Banco Central confirma corte da Selic em março, mas juros seguirão restritivos


O Banco Central (BC) confirmou, em ata divulgada nesta terça-feira (3), que pretende iniciar o ciclo de corte da taxa Selic em março. No entanto, a autarquia ressaltou que os juros permanecerão em níveis restritivos para garantir a convergência da inflação à meta estabelecida.


A decisão de iniciar a flexibilização monetária dependerá da confirmação do cenário econômico esperado. O Comitê de Política Monetária (Copom) reforçou que o ritmo e a magnitude dos cortes serão definidos pela evolução de fatores que aumentem a confiança no atingimento da meta de inflação, que é de 3% ao ano, com tolerância de 1,5 ponto percentual para cima ou para baixo.

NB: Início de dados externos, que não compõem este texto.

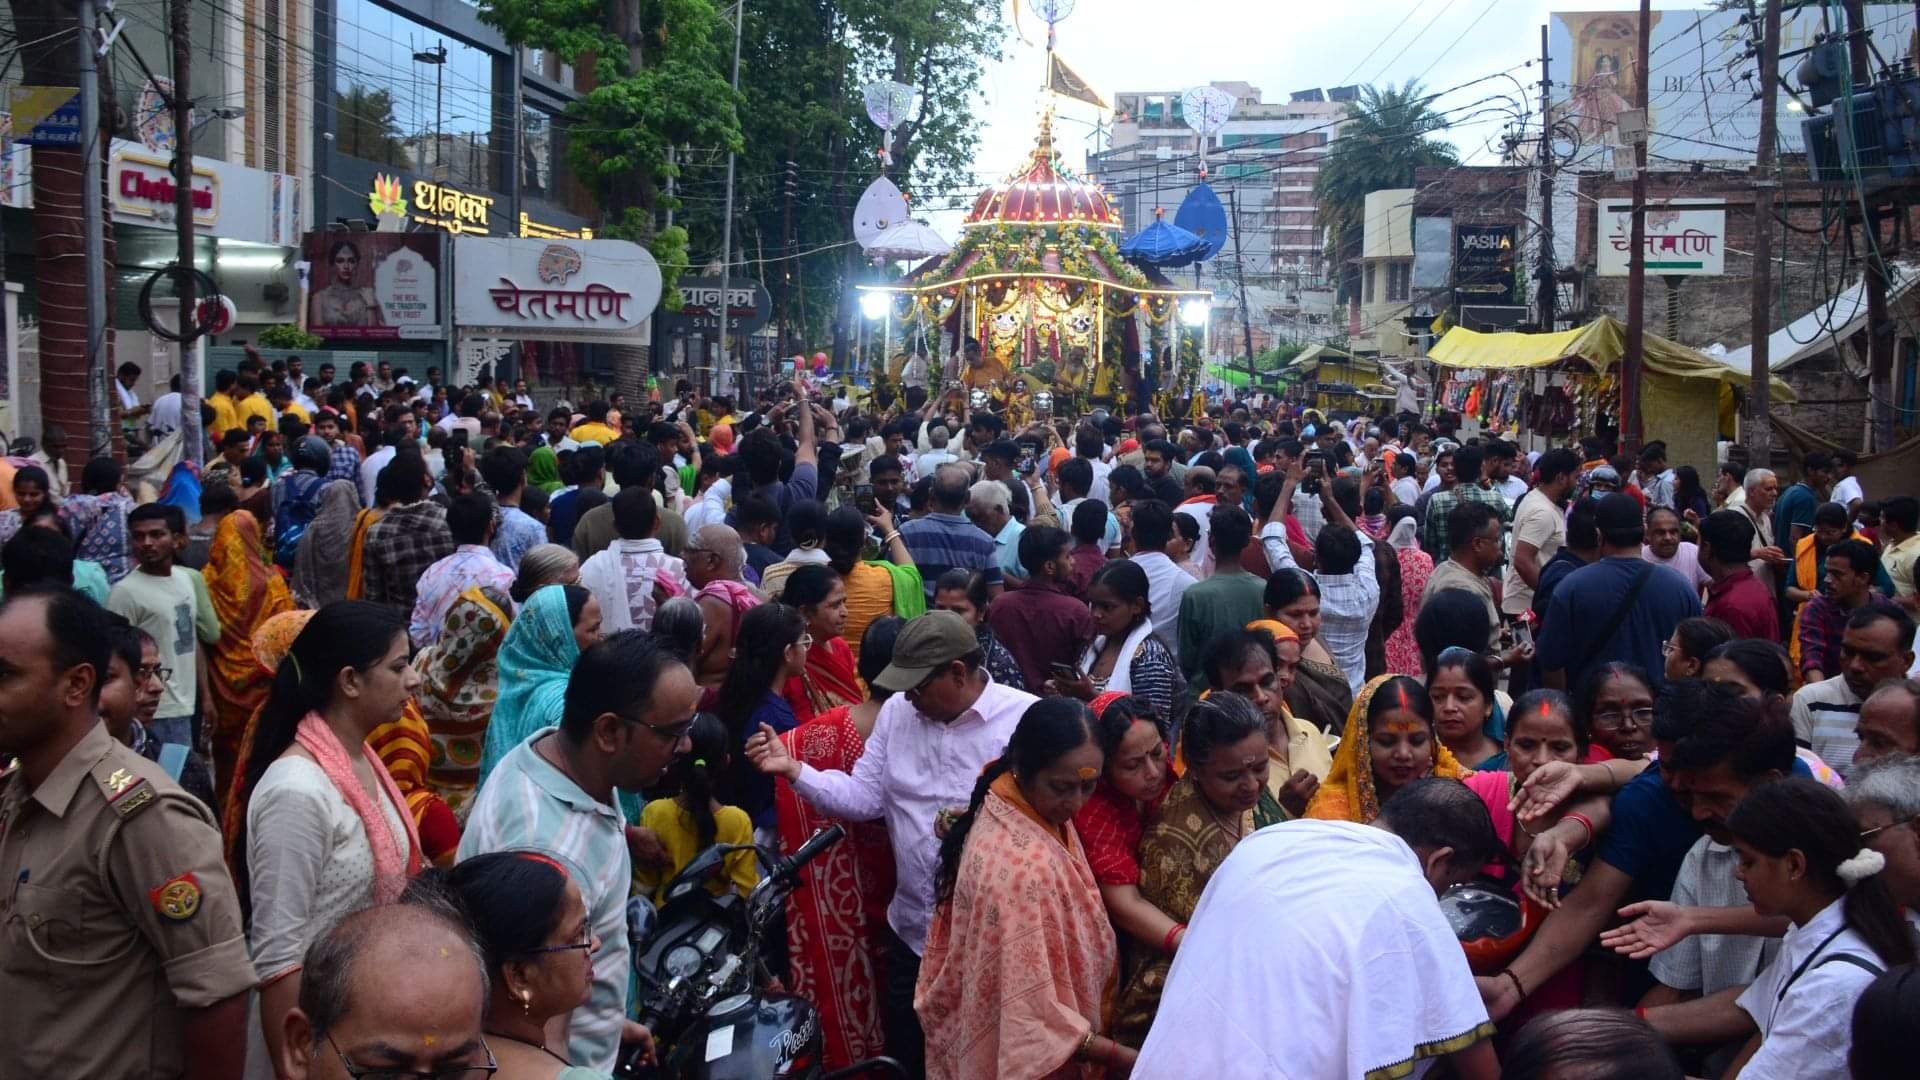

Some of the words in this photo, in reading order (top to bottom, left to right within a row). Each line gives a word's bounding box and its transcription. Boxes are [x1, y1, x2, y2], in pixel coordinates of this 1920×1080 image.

Manutenção da restrição e fatores de atenção

A ata destaca que a manutenção dos juros em patamares restritivos se deve à resiliência de fatores que pressionam os preços, como o dinamismo do mercado de trabalho. Apesar da moderação no crescimento da atividade econômica doméstica, o BC observa que a taxa de desemprego se mantém historicamente baixa e os rendimentos reais têm subido acima da produtividade.

O cenário externo, marcado pela incerteza na política econômica dos Estados Unidos e tensões geopolíticas, também exige cautela, especialmente para países emergentes. No âmbito doméstico, a saúde das contas públicas é apontada como um fator crucial para o controle inflacionário.

Expectativas do mercado e o papel da política fiscal

Para o mercado financeiro, a expectativa é que a Selic seja reduzida para 14,5% ao ano na reunião de março e alcance 12,25% até o final de 2026, segundo o boletim Focus. O Copom enfatizou a importância de uma política fiscal contracíclica e previsível para reduzir o prêmio de risco, a confiança dos investidores e o custo da desinflação em termos de atividade econômica.

A ata alerta que a falta de esforço em reformas estruturais, disciplina fiscal, aumento de crédito direcionado e incertezas sobre a dívida pública podem elevar a taxa de juros neutra da economia, impactando negativamente a política monetária.